Семь месяцев справка где-то шла – военкомат, почтовый мешок, чей-то стол. Мать получила её, видимо, в декабре. И вместо ответа письмом положила в ящик, добавила сухари, носки, мыло – и отправила обратно.
Не написала ни строки.
Это было материнское письмо.
Сёмин сложил справку, убрал в нагрудный карман гимнастёрки, во внутренний – туда, где лежала справка о фильтрации, которую ему выдали в Вологде в феврале сорок второго. Теперь там было две справки: одна – о нём ему, другая – о нём матери.
Носки померил. Подошли. Положил под подушку – переоденется вечером, когда вернётся с охранения.

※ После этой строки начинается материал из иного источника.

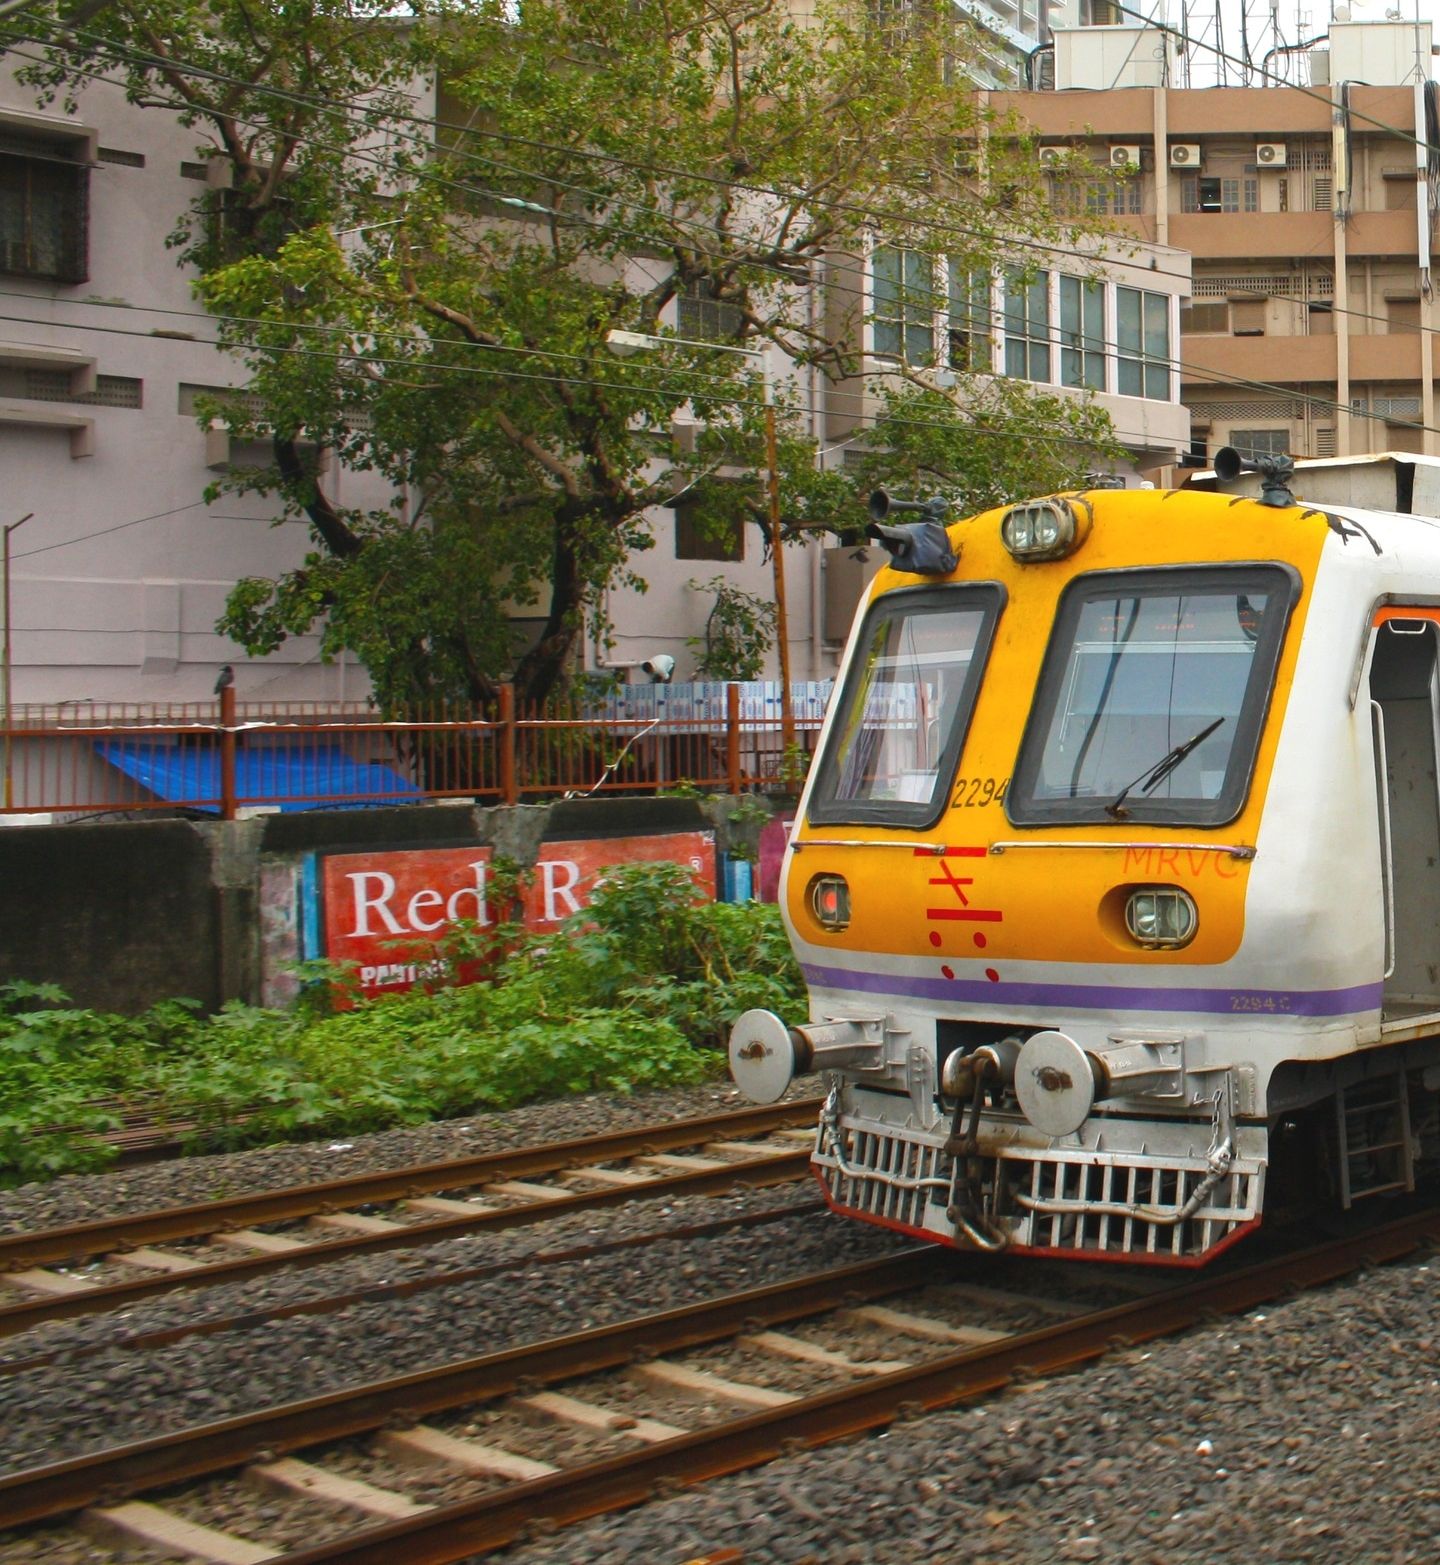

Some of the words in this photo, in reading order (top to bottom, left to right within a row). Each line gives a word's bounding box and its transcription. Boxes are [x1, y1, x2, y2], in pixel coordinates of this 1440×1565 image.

[951, 778, 1010, 808] 2294
[1122, 846, 1239, 878] MRVC
[345, 860, 493, 938] Red

В охранение их с Касатоновым отправили в восемь вечера. Полная луна, минус двадцать шесть, ветер с северо-запада слабый, но колючий. Ниша в снежной траншее, в ста сорока метрах от первой проволоки. Двое – два часа на смену. Касатонов с карабином, Сёмин с СКС. У Касатонова, кроме того, бинокль на ремне.
Касатонов сел в нишу первым, прижался спиной к снежной стене, поднял бинокль. Сёмин стоял рядом, наблюдал по своему сектору – направо. Левее наблюдал Касатонов. Прямо – никто, потому что прямо они не видели: между ними и немецкой проволокой был холм, и за холмом немецкие посты, и немецкая луна, и немецкие звёзды – те же, что и здесь, но через холм.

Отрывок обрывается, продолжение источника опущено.